*** Input for this task
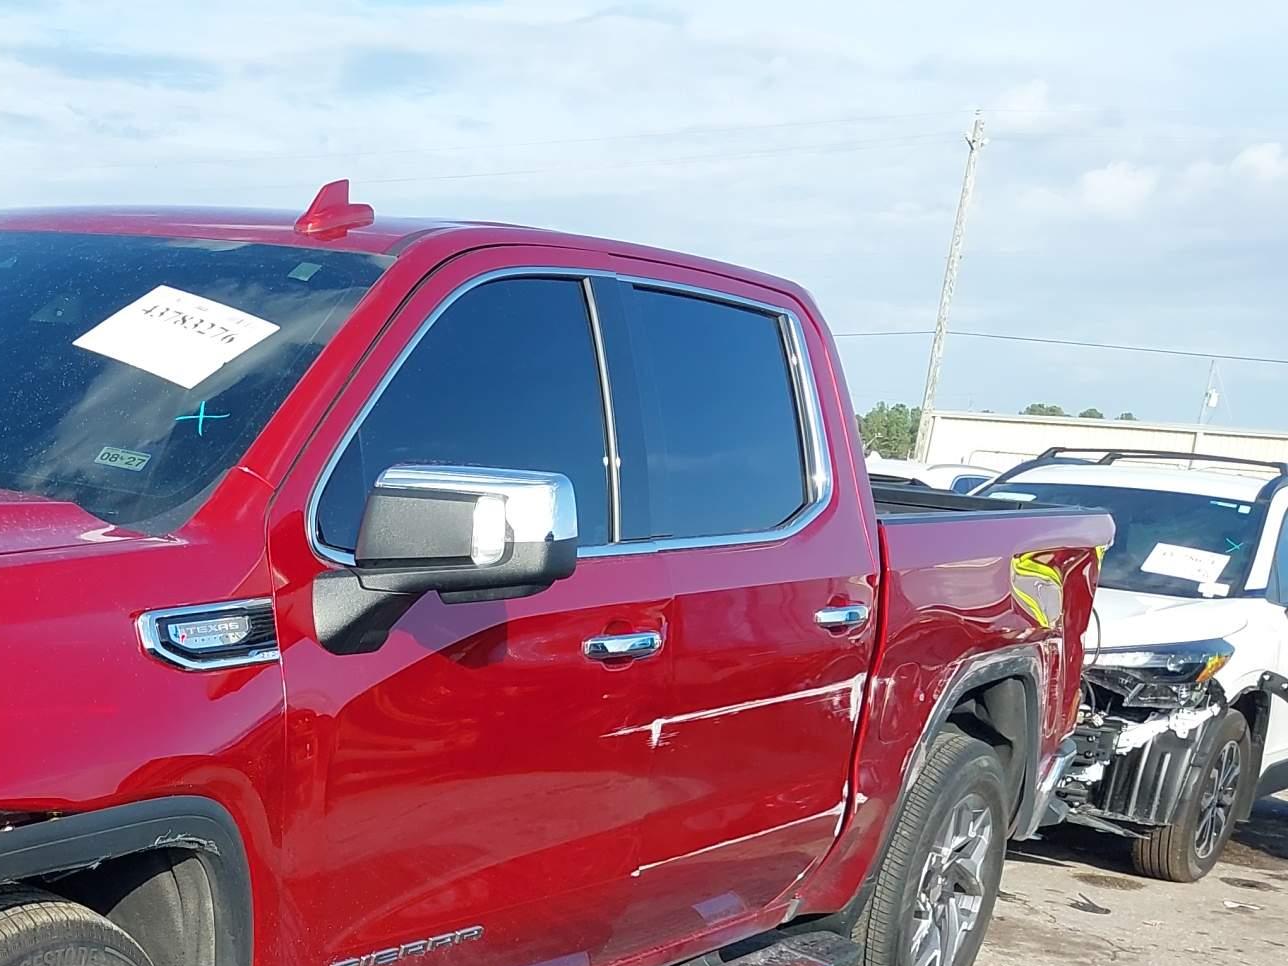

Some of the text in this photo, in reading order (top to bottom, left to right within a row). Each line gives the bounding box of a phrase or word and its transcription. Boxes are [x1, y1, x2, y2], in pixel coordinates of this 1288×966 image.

[141, 304, 236, 345] 43783276
[100, 452, 146, 467] 08 27
[185, 622, 239, 635] TEXAS
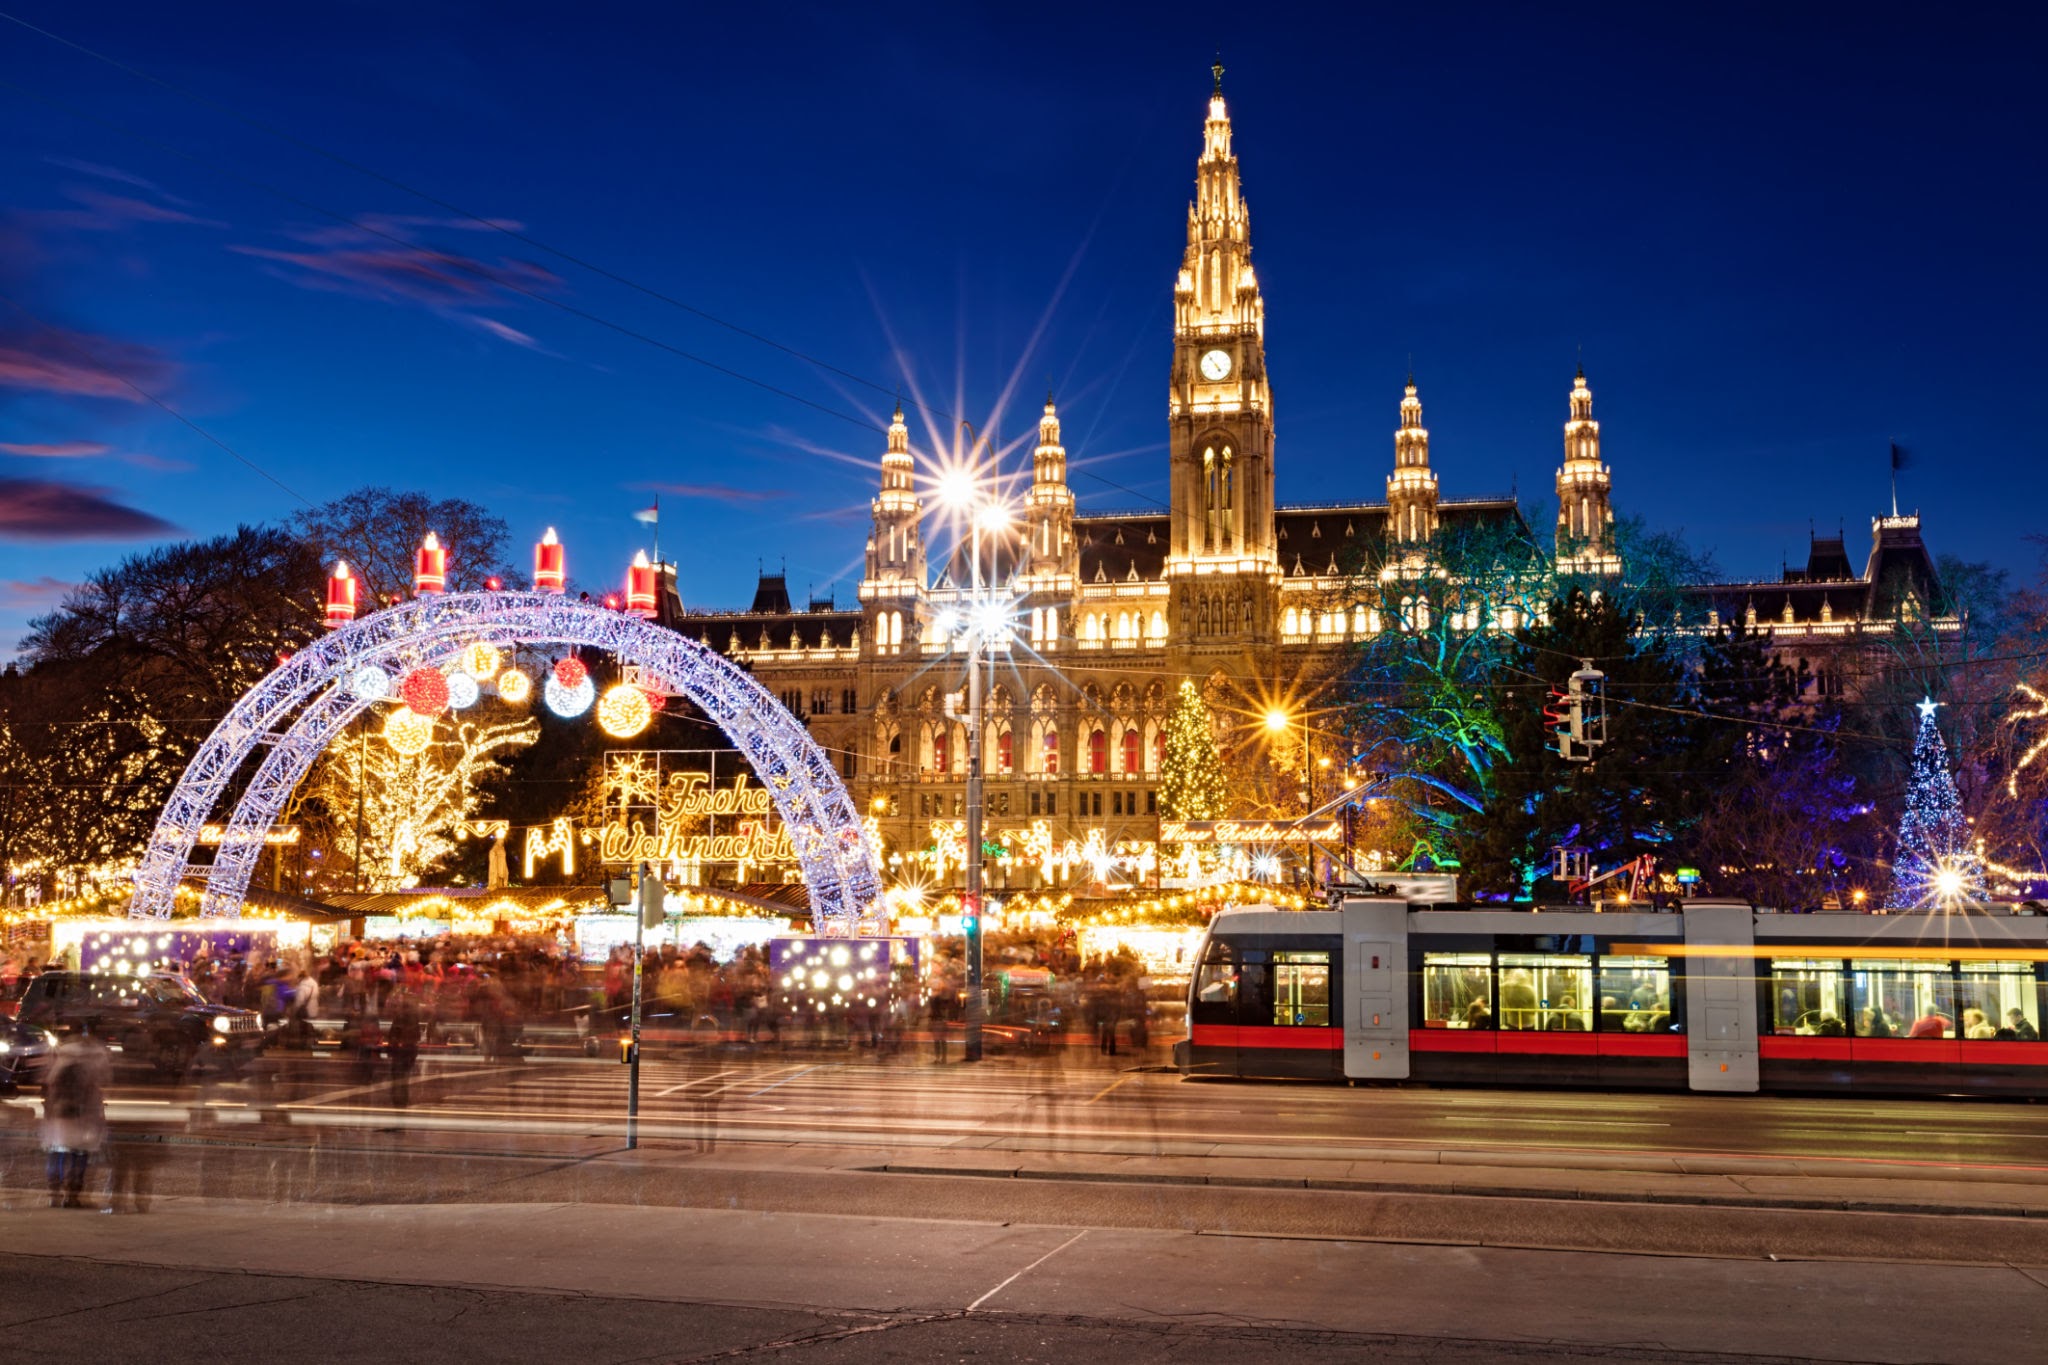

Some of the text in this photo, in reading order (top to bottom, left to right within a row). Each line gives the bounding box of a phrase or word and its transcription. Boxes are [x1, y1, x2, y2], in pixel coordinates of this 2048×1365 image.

[658, 772, 770, 822] Frohe
[602, 820, 818, 861] Weihnachte
[1160, 823, 1213, 841] Wiener
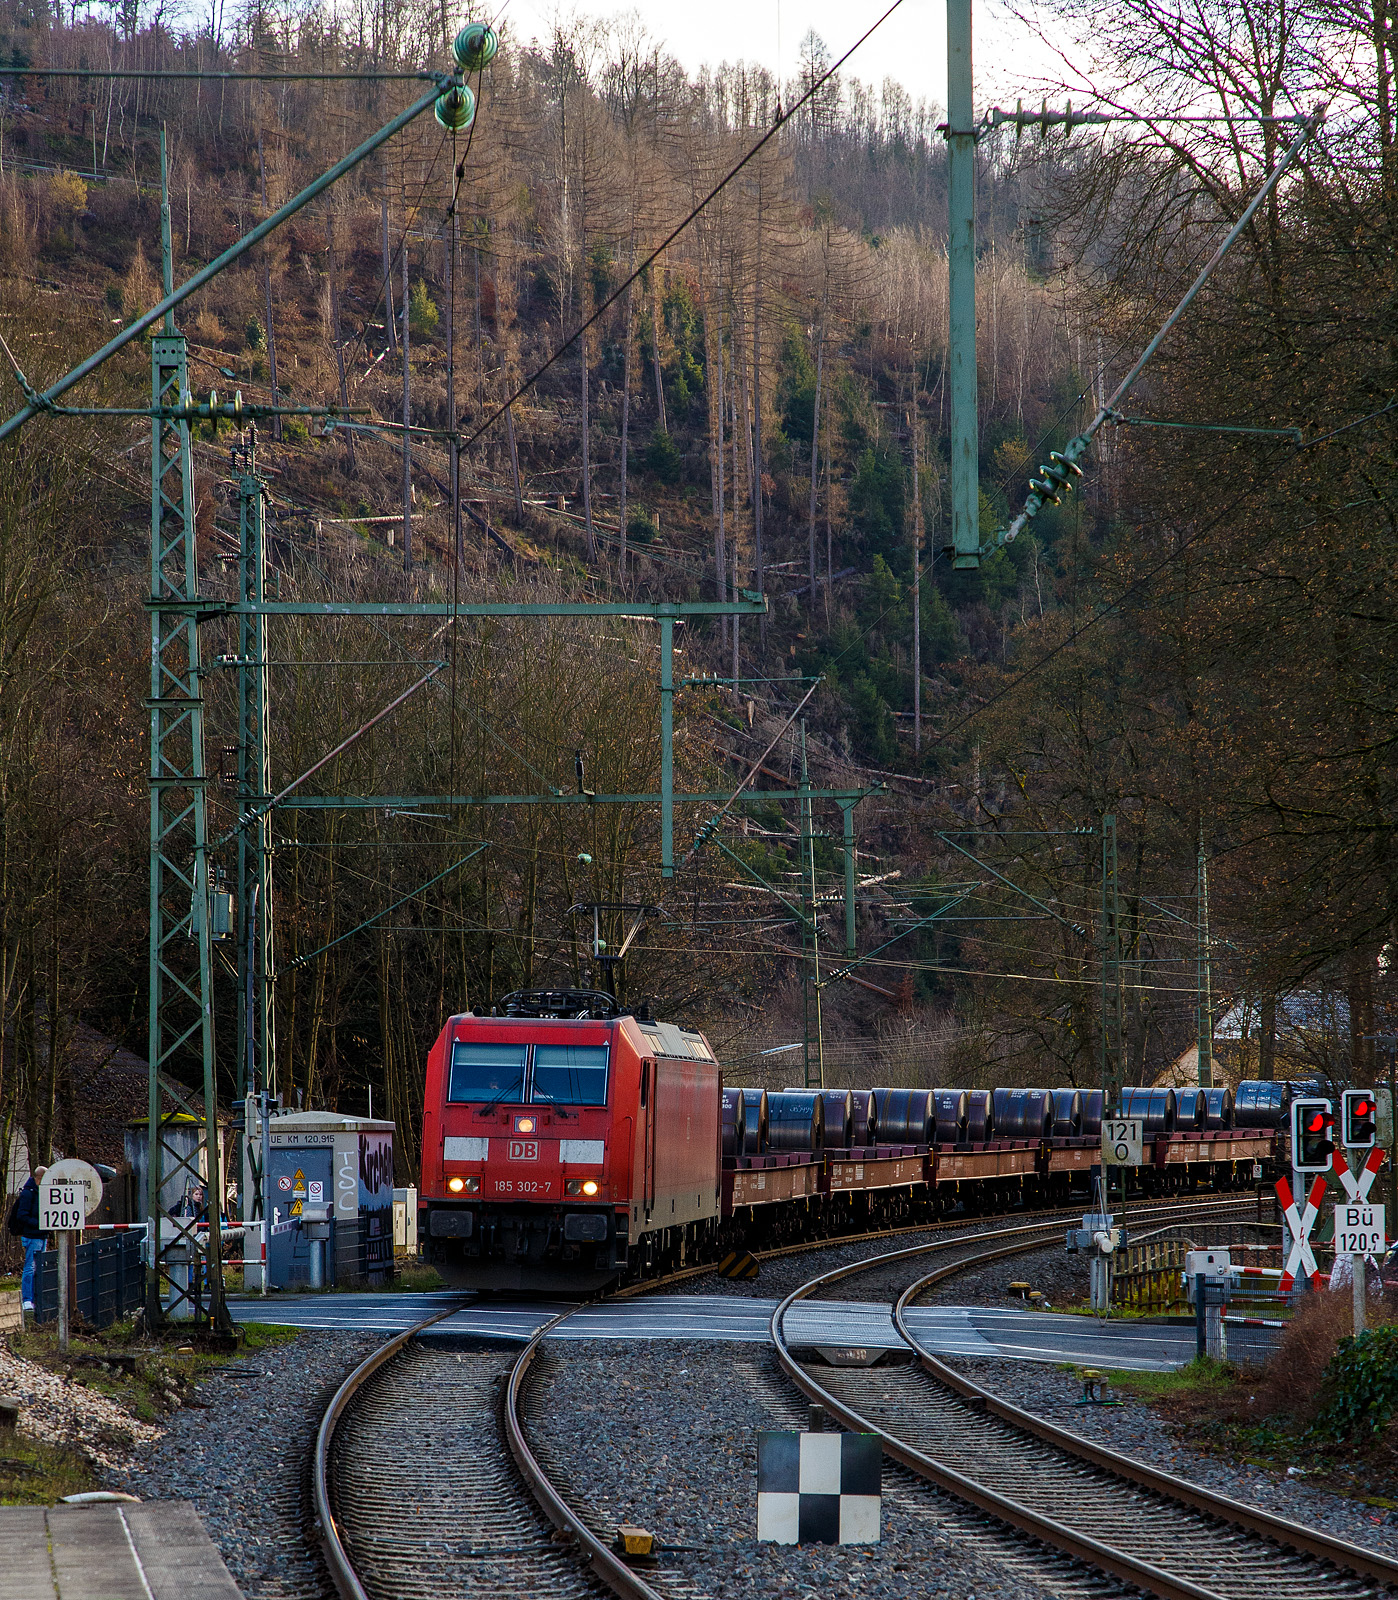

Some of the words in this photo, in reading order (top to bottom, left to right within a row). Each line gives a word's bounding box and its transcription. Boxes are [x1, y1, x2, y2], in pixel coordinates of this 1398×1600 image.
******
Exercise description:
Without the pictures, reproduce every line of the records above exactly.

Reply to the exercise:
Some of the text in this photo, in reading order (top to bottom, left to right within a row). Each line gives the bounding box of a phrase or word and its transcription. Boxes are [x1, y1, x2, y2], in pixel coordinates of this 1288×966 image.

[141, 304, 236, 345] 43783276
[100, 452, 146, 467] 08 27
[185, 622, 239, 635] TEXAS

Some of the text in this photo, in reading order (top to bottom, left to right within a row). Each line gives the bounding box of a phrase or word and its transcription. Boxes are [x1, y1, x2, y2], in pixel coordinates of this 2048×1365 image.

[658, 772, 770, 822] Frohe
[602, 820, 818, 861] Weihnachte
[1160, 823, 1213, 841] Wiener

Some of the words in this photo, in reading order (top to bottom, left to right within a row). Each line gives a word's bounding box and its transcription. Boxes are [x1, y1, x2, y2], in pixel coordinates of this 1398×1600 image.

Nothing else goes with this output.